Kempinski has been synonymous with diplomats and big meetings since acquiring its first hotel. Most recently, in 2007 the Kempinski Grand Hotel in Heiligendamm on the German Baltic coast was the venue for the G8 Summit.

High profile events such as these can be a headache, even for Wittwer. “It was sort of a challenge because of the security, no one can go in or out,” explains Wittwer.

But a big bonus is being able to experience power up close. “It’s a sight that normal mortals don’t see; the eight top leaders of the world in one group,” reveals Wittwer.

People power

“We have an entrepreneurial, individualistic atmosphere.”

The key to the success of any hotel lies in its staff. Luxury is worthless unless you have the people to deliver it.

Kempinski, like every other hotel company today, needs to work harder to retain its staff. “We have an entrepreneurial, individualistic atmosphere,” says Wittwer.

“In some companies it’s like being in the army – everything is regulated – but usually people associated with individualism can’t stand corporate standardisation.”

Kempinski has attracted many suitors. “If you are incomparable, you can basically say: “This is my price, have a good day,” Wittwer reveals.

He says the company receives “two offers a week”. Will he sell?

“Our shareholders do not feel that now is the time.”

A strategy of select growth, backed by solid Middle Eastern capital, future Chinese investment and expansion into Africa, not to mention a luxury Beijing-Tibet train, suits Wittwer perfectly. When it was founded in 1897 in Berlin, Hotelbetriebs Aktiengesellschaft, as the company was then called, had no precedent.

It was the first hotel management company in the world. More than a century later, Kempinski is still setting firsts.
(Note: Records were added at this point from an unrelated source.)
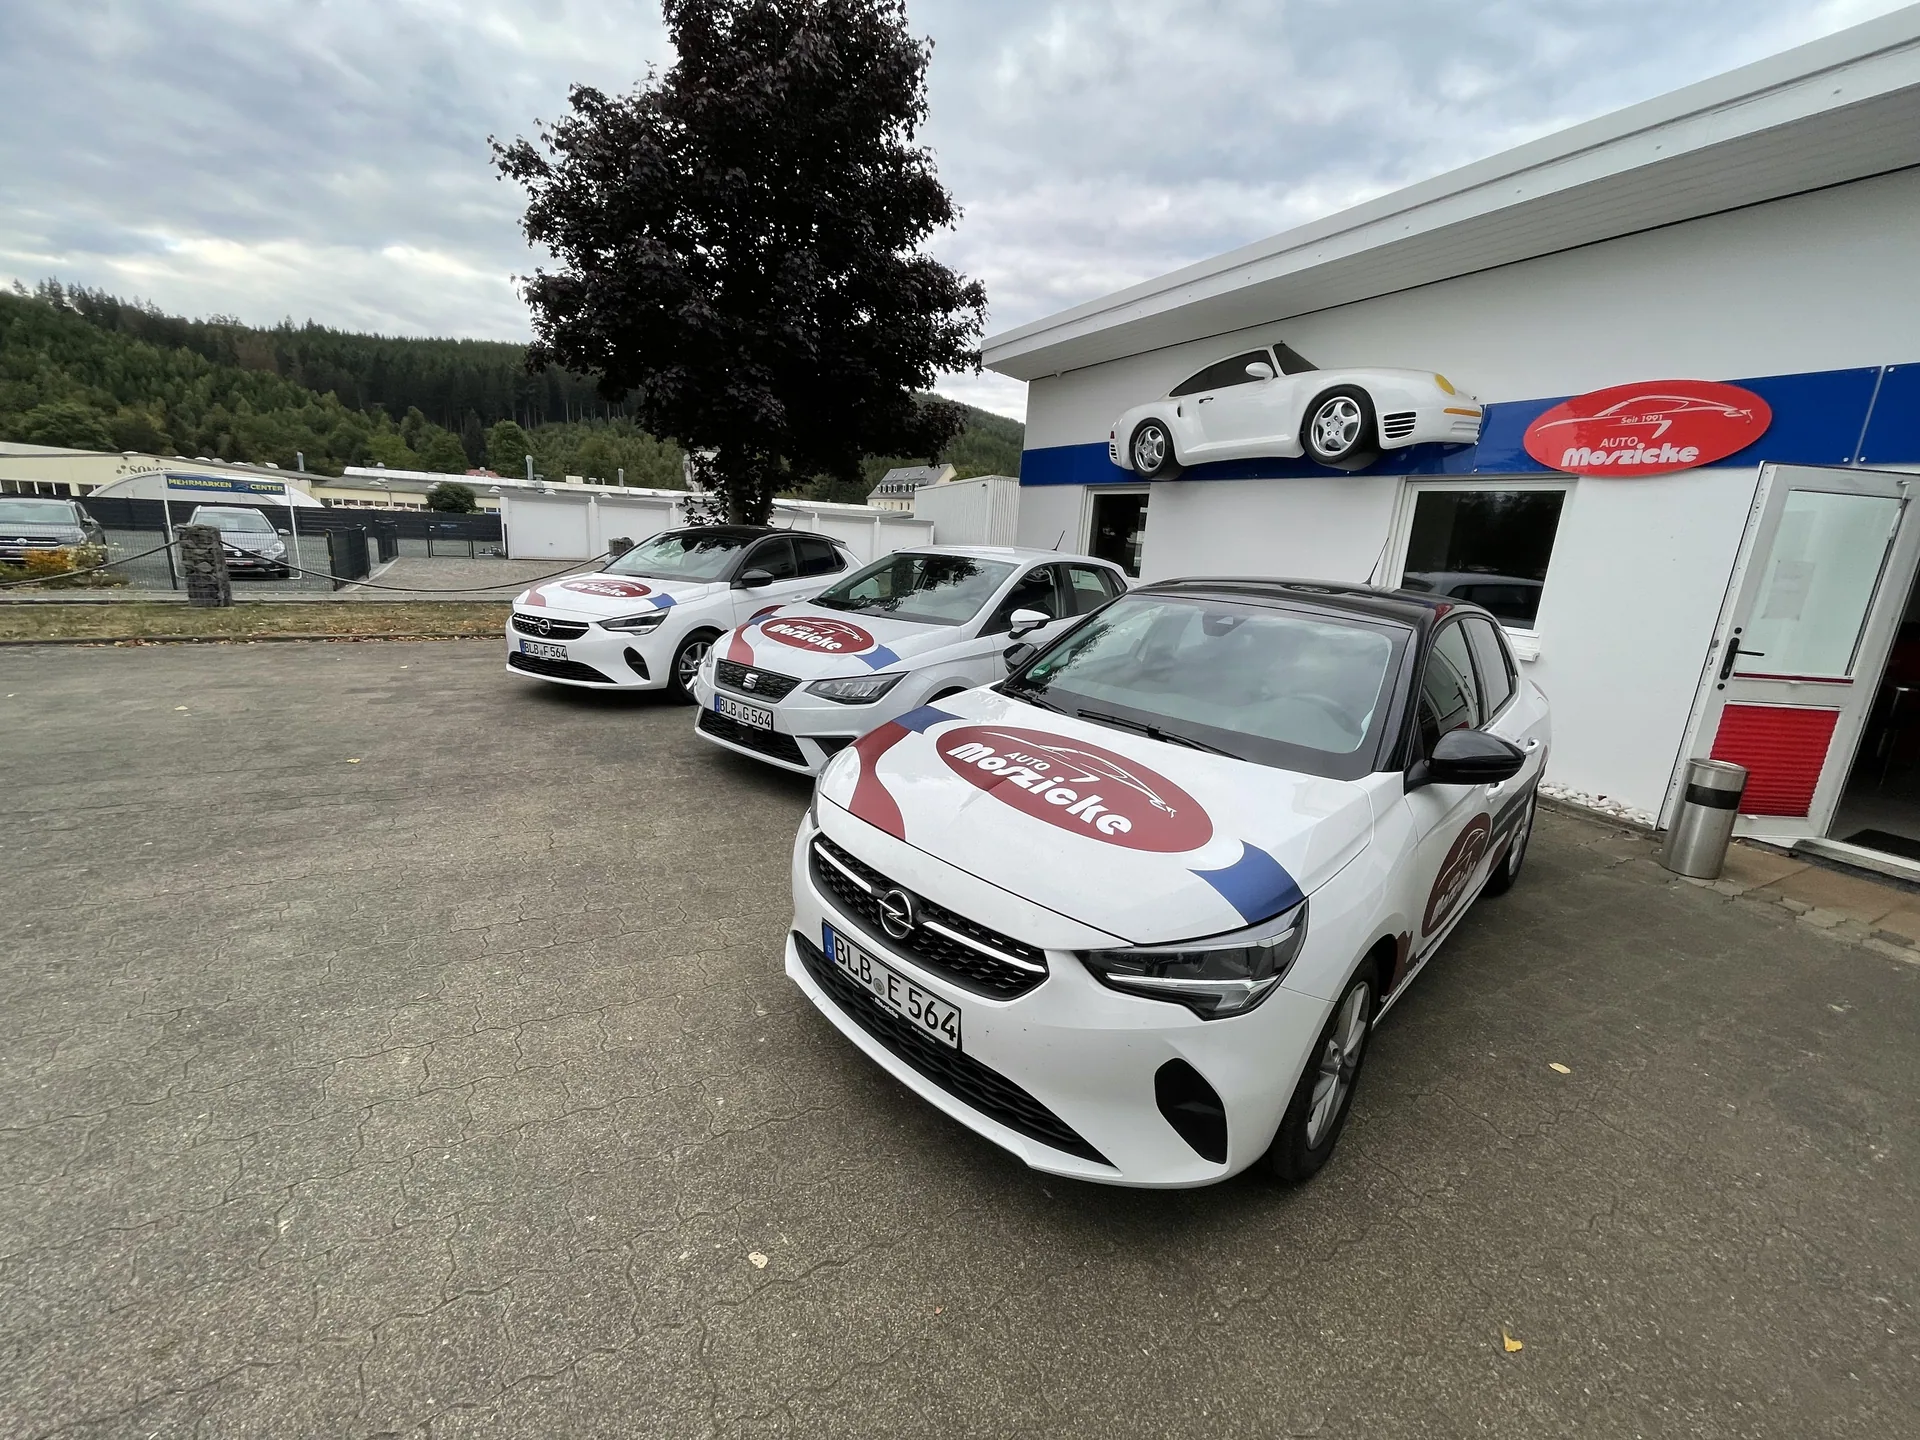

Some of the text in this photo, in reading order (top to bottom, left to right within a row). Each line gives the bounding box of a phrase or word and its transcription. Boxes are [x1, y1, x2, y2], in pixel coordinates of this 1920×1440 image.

[1620, 414, 1663, 424] Seit 1991
[1599, 436, 1639, 448] AUTO
[168, 478, 284, 492] MEHRMARKEN CENTER
[524, 642, 539, 655] BLB
[550, 647, 567, 659] 564
[719, 698, 771, 728] BLB G 564
[1004, 752, 1051, 771] AUTO
[834, 935, 873, 985] BLB
[887, 973, 902, 1008] E
[908, 986, 957, 1042] 564
“We are continually trying to reinvent ourselves,” he says. “We are number one in the market. The danger is that you can stand still and a close contender will make ground, so it is a permanent quest to make it to the next level.”

And Wittwer has another lesson to impart: never let past glories overshadow the present. “We have just got Landor to completely redesign our brand architecture,” he says.
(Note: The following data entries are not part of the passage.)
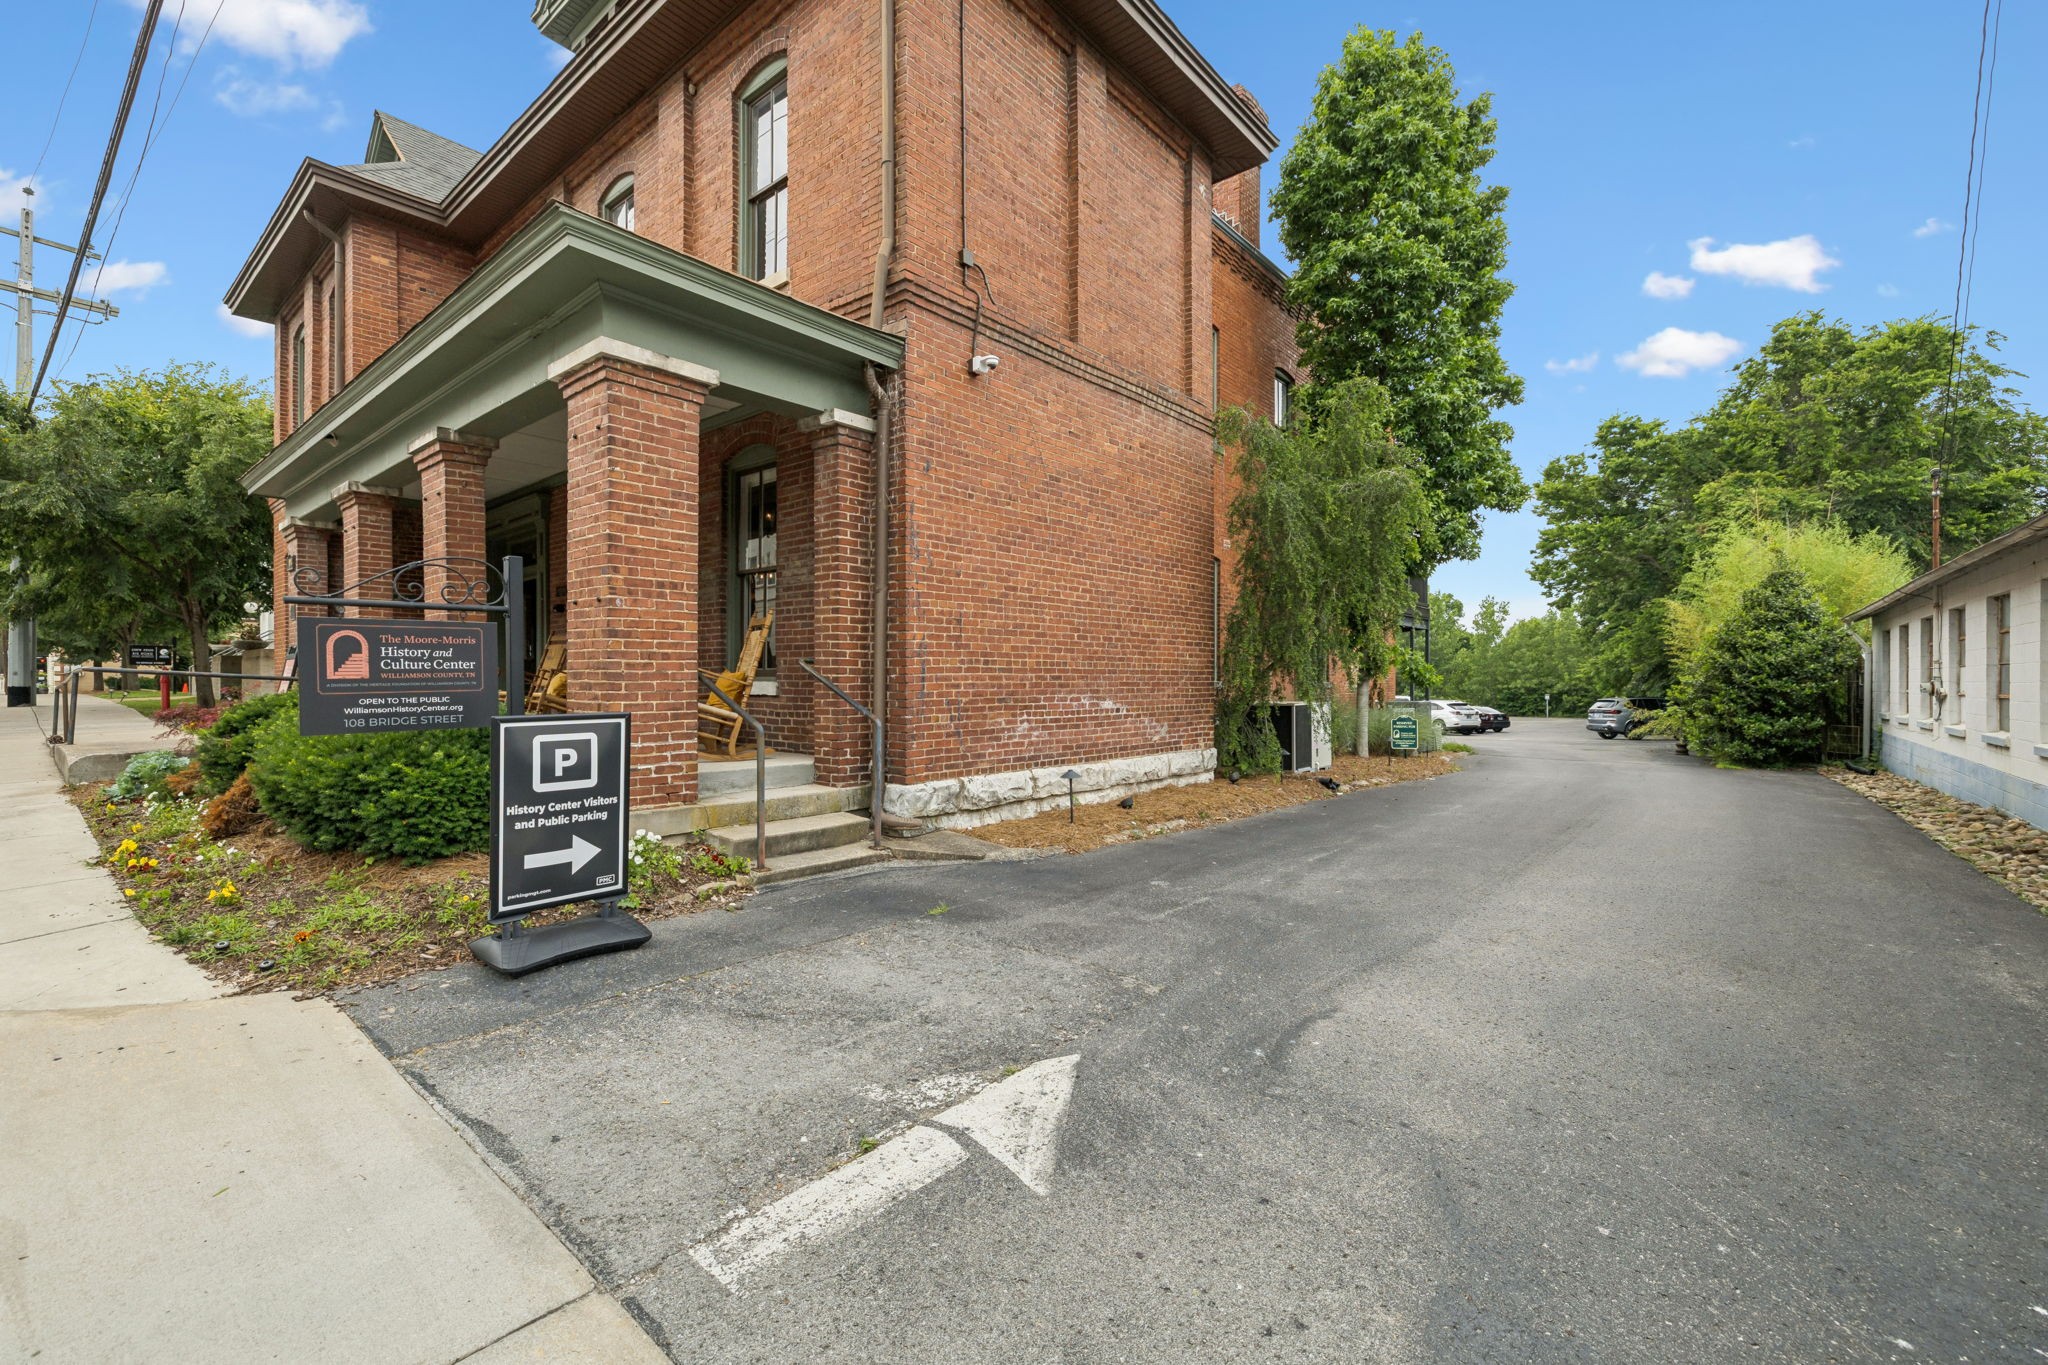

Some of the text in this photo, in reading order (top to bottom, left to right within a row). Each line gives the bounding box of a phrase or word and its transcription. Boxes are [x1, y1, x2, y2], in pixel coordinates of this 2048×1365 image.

[380, 634, 476, 645] The Moore-Morris
[380, 646, 453, 660] History and
[380, 658, 476, 670] Culture Center
[432, 671, 464, 679] COUNTY,
[343, 704, 464, 715] WilliamsonHistoryCenter.org
[343, 714, 464, 728] 108 BRIDGE STREET
[554, 747, 578, 777] P
[506, 796, 618, 816] History Center Visitors
[514, 810, 608, 830] and Public Parking
[598, 876, 613, 884] PMC
“They tell us ‘You have history but you need to make stories out of it, because history in itself doesn’t help you.’ We are now taking advantage of our inheritance.”
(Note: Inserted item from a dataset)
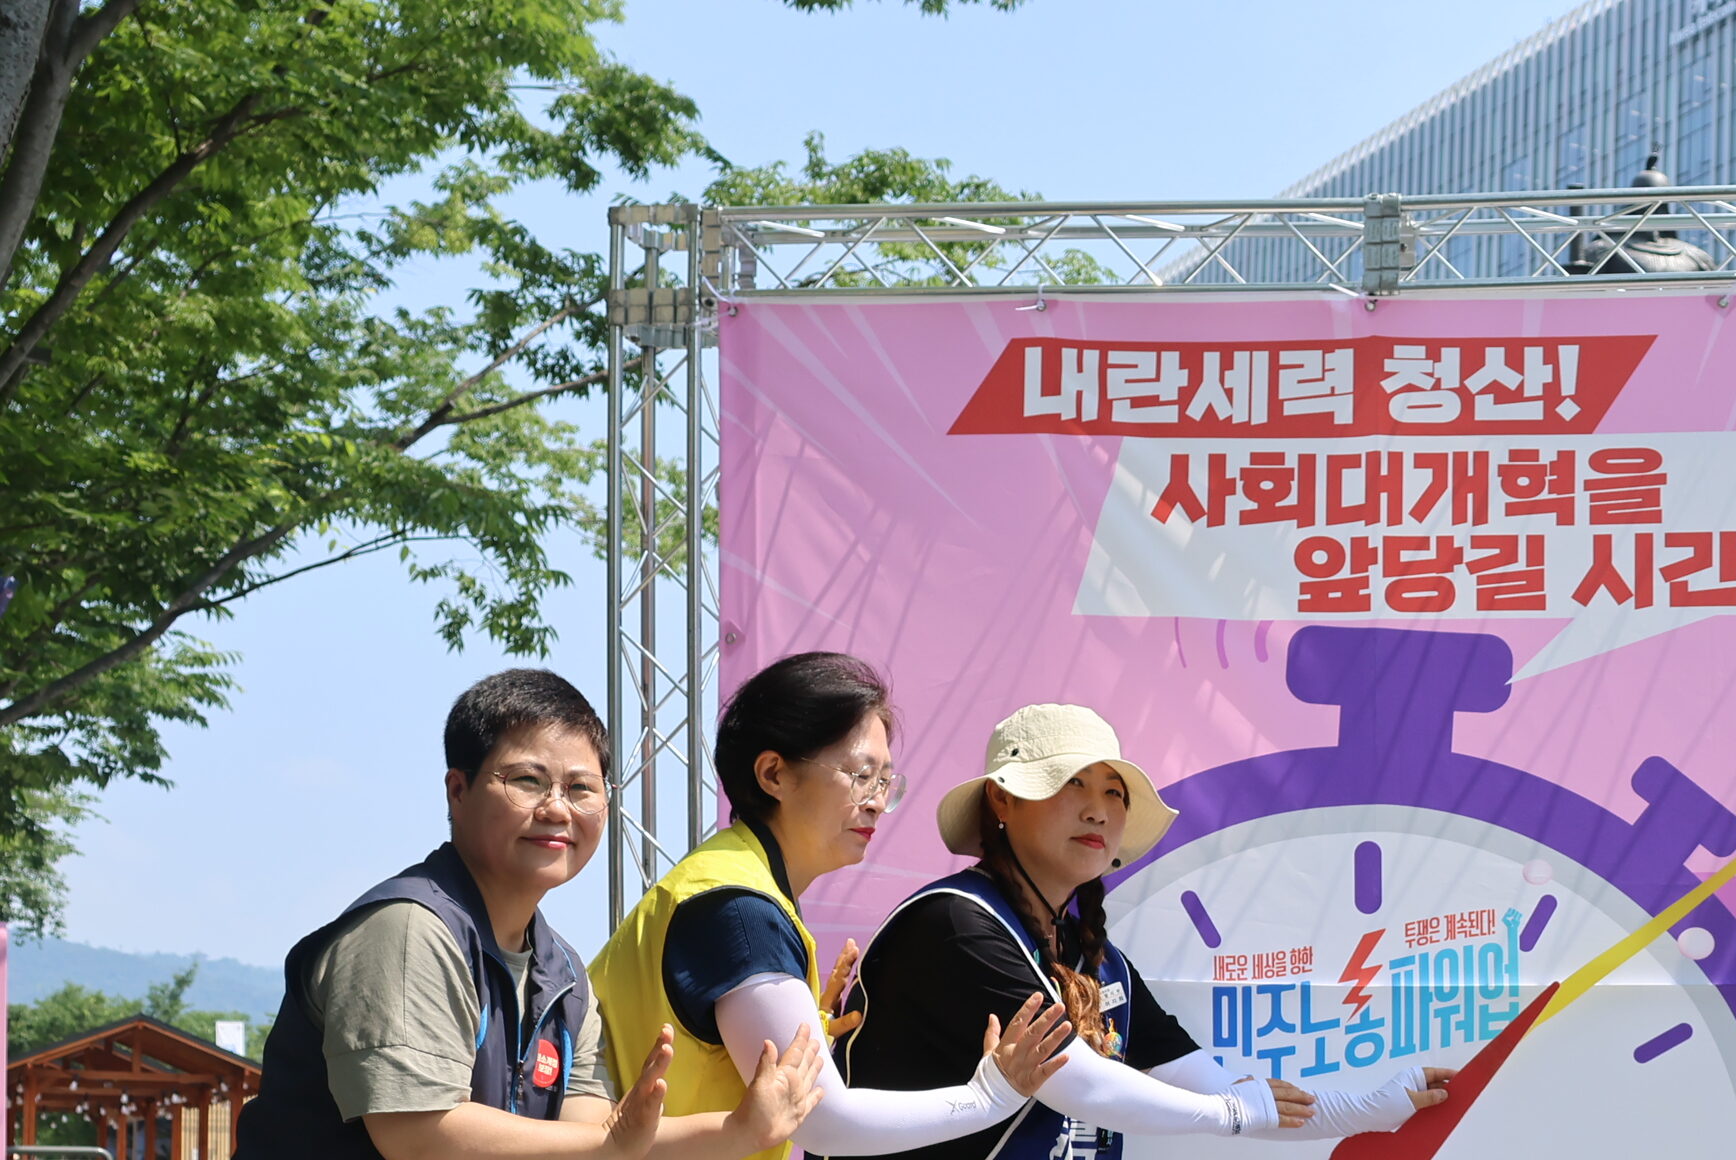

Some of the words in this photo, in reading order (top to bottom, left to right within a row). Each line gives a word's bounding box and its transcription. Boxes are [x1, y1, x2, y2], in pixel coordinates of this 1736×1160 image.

The recipient of many honours over his career, including the Grande Medaille de Vermeille de la Ville de Paris and the Chevalier du Mérite Agricole, Wittwer says accolades should go to those he represents; his staff. What about to him?

“Nothing,” he responds. “I have one photo in my office of me meeting an African President, and nobody knows who he is anyway.”

The Kempinski CEO intends to head the company for the foreseeable future and offers one final lesson. “I always said that if I had a consecutive week of sleepless nights because of my work, then I should retire, but so far I haven’t had to.”

With Kempinski’s sights spanning African lodges to luxury trains to Tibet, one can imagine that Wittwer will be sleeping like a baby for many years to come.